ASSIGNMENT – An exact copy of the records below is needed, with every picture left out.

DATA EXTRACTS –
________________

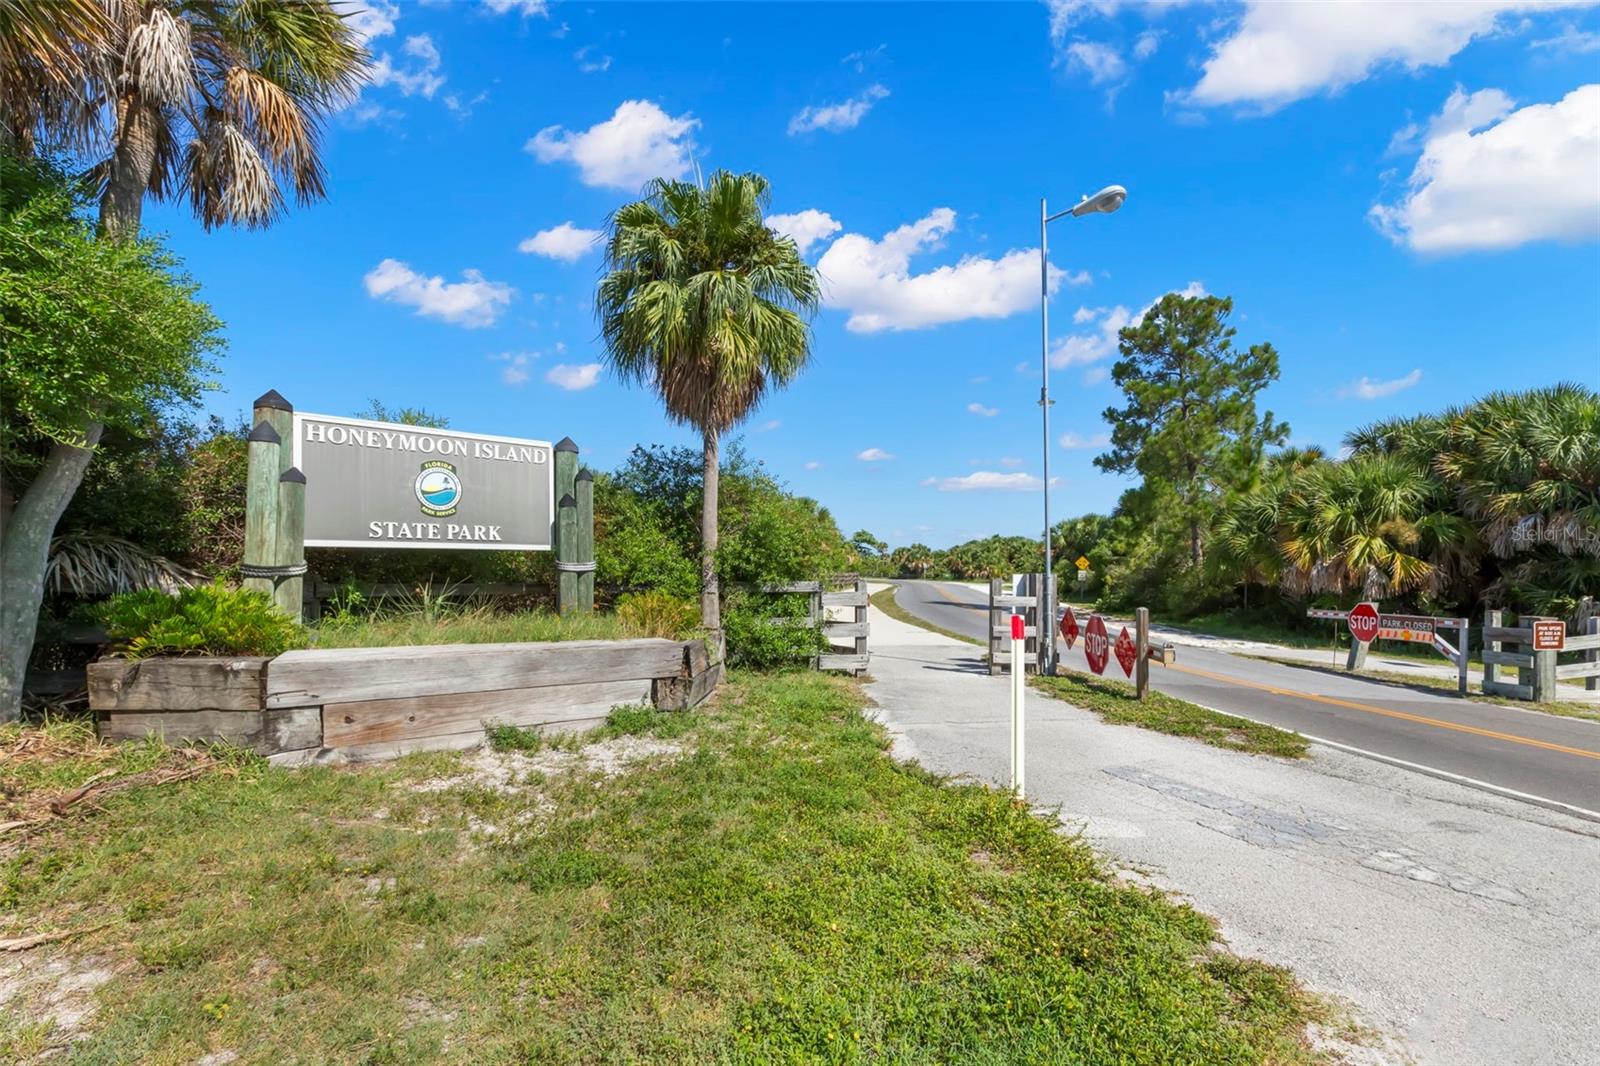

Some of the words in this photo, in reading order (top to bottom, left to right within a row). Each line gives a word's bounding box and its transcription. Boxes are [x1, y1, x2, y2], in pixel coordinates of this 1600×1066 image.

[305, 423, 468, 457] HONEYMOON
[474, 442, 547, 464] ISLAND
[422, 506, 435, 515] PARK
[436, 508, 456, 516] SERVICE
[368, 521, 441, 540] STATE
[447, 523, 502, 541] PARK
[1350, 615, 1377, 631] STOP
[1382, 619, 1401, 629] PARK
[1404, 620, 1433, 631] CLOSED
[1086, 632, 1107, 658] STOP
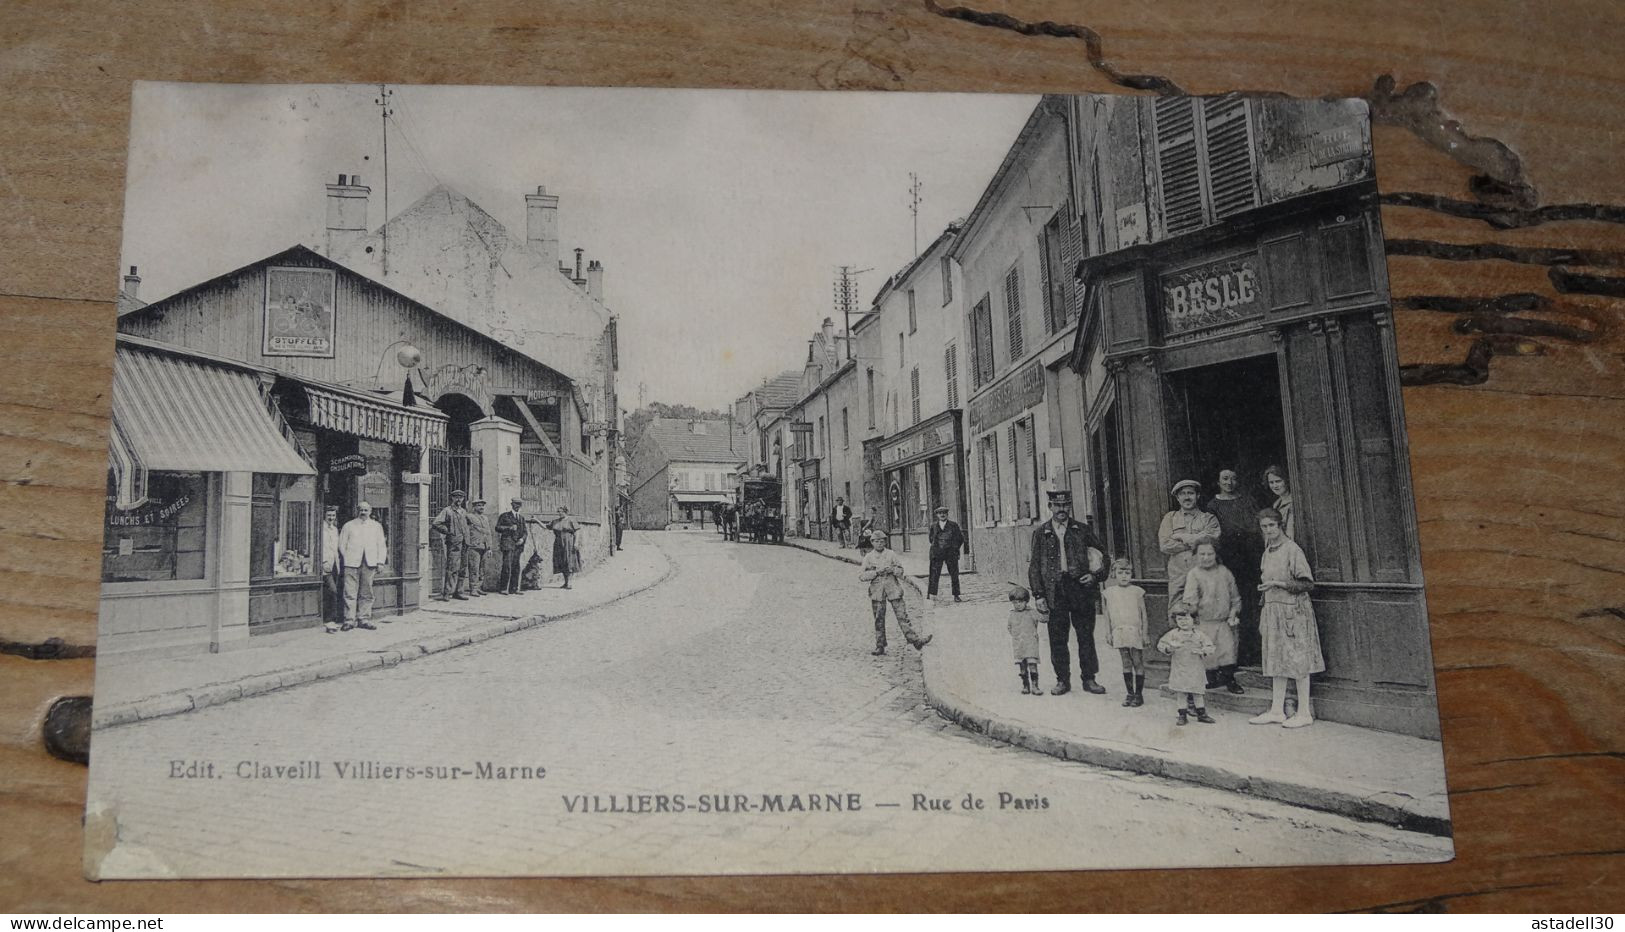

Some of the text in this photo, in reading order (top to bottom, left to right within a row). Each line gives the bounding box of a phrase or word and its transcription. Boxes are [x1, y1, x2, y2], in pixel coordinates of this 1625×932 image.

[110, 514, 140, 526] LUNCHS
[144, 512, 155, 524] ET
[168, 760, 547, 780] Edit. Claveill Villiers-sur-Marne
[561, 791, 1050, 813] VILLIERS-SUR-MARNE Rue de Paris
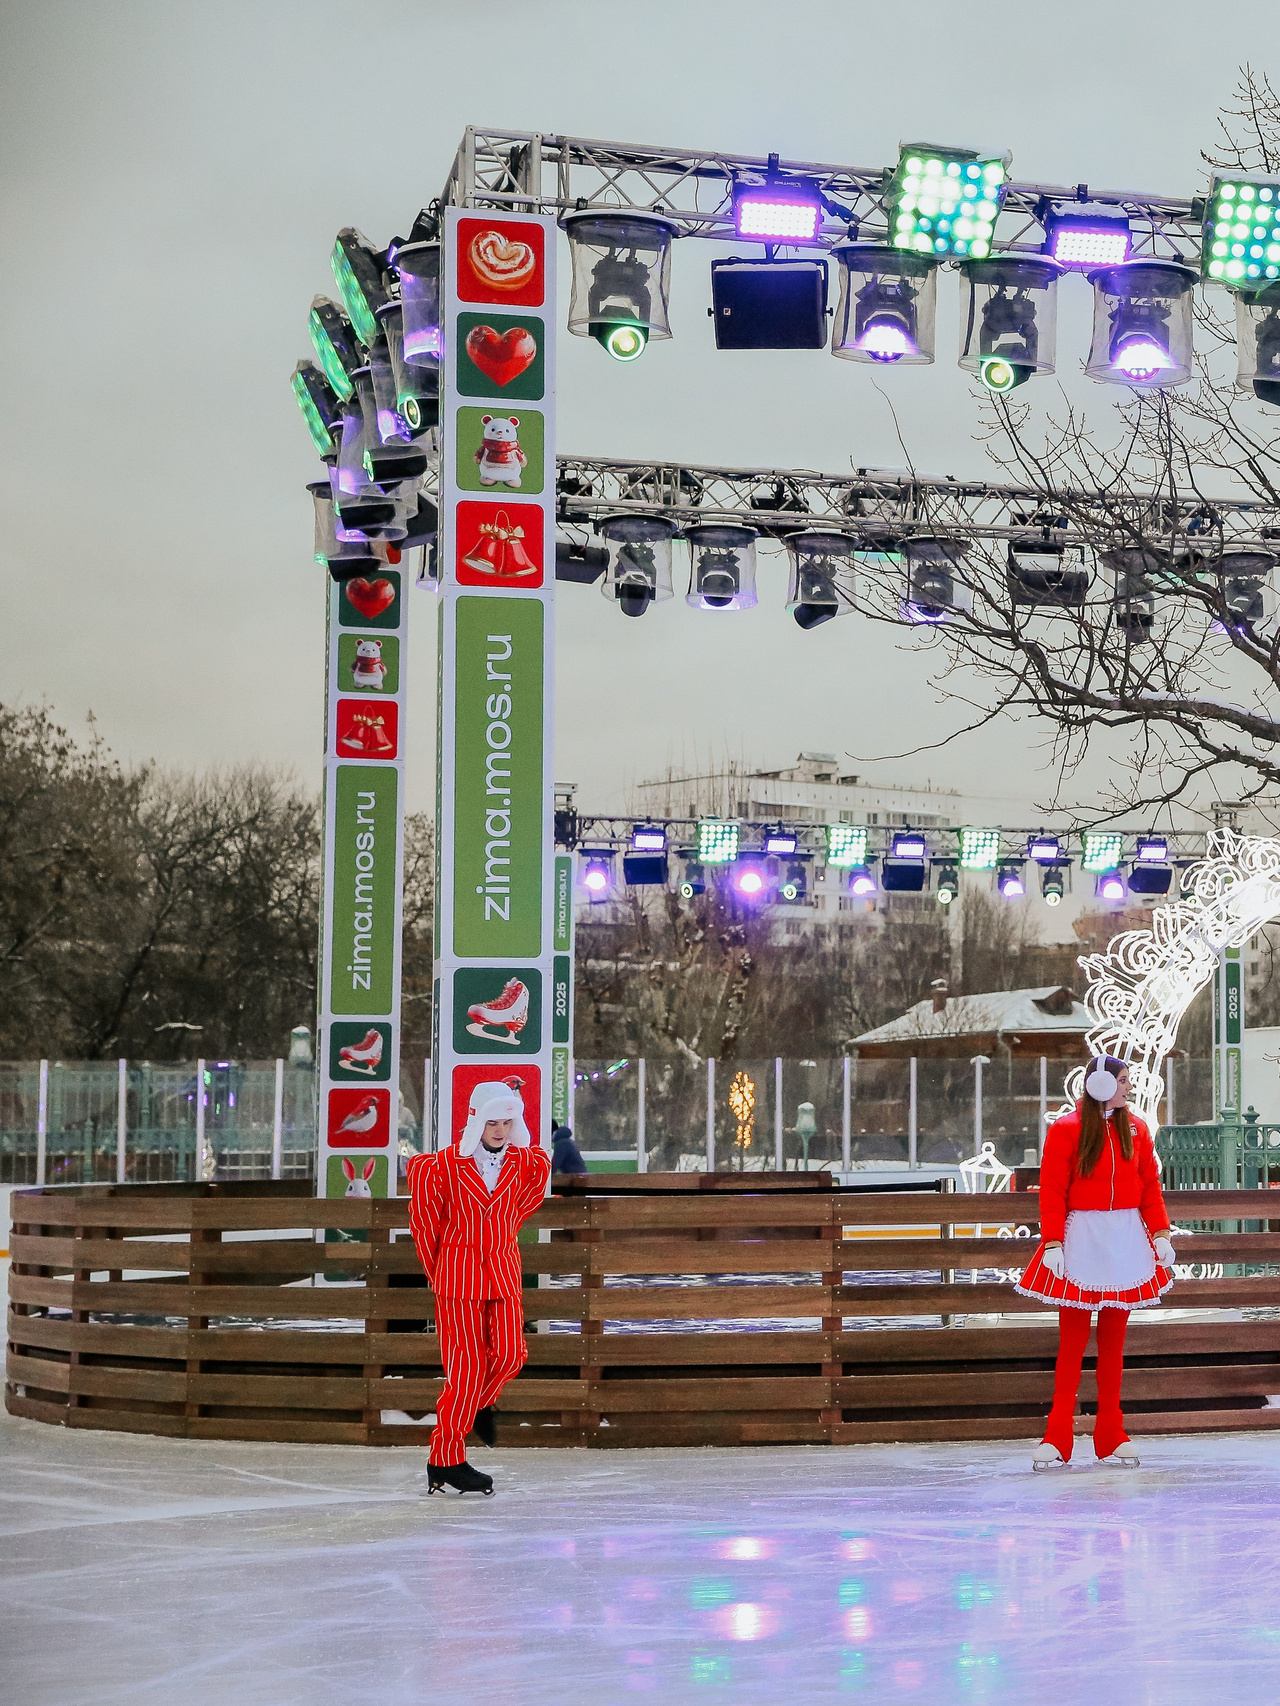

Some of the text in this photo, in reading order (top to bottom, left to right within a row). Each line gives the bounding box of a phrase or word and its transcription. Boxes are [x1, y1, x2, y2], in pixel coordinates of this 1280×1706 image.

________________

WRITTEN SOLUTION –
Some of the words in this photo, in reading order (top to bottom, left to right within a row). Each line gives a word's bounding box and its transcription. Boxes are [x1, y1, x2, y2], in pixel coordinates of this 1600×1066 image.

[305, 423, 468, 457] HONEYMOON
[474, 442, 547, 464] ISLAND
[422, 506, 435, 515] PARK
[436, 508, 456, 516] SERVICE
[368, 521, 441, 540] STATE
[447, 523, 502, 541] PARK
[1350, 615, 1377, 631] STOP
[1382, 619, 1401, 629] PARK
[1404, 620, 1433, 631] CLOSED
[1086, 632, 1107, 658] STOP

Some of the text in this photo, in reading order (top to bottom, left to right within a row). Each line gives the bounding box of a phrase or word and its transcription. Boxes are [x1, y1, x2, y2], in pixel coordinates of this 1625×932 image.

[110, 514, 140, 526] LUNCHS
[144, 512, 155, 524] ET
[168, 760, 547, 780] Edit. Claveill Villiers-sur-Marne
[561, 791, 1050, 813] VILLIERS-SUR-MARNE Rue de Paris

Some of the text in this photo, in reading order (top to bottom, left to right within a row). Each line gives the bounding box of a phrase or word and its transcription. Boxes are [x1, y1, x2, y2], in pixel coordinates of this 1280×1706 image.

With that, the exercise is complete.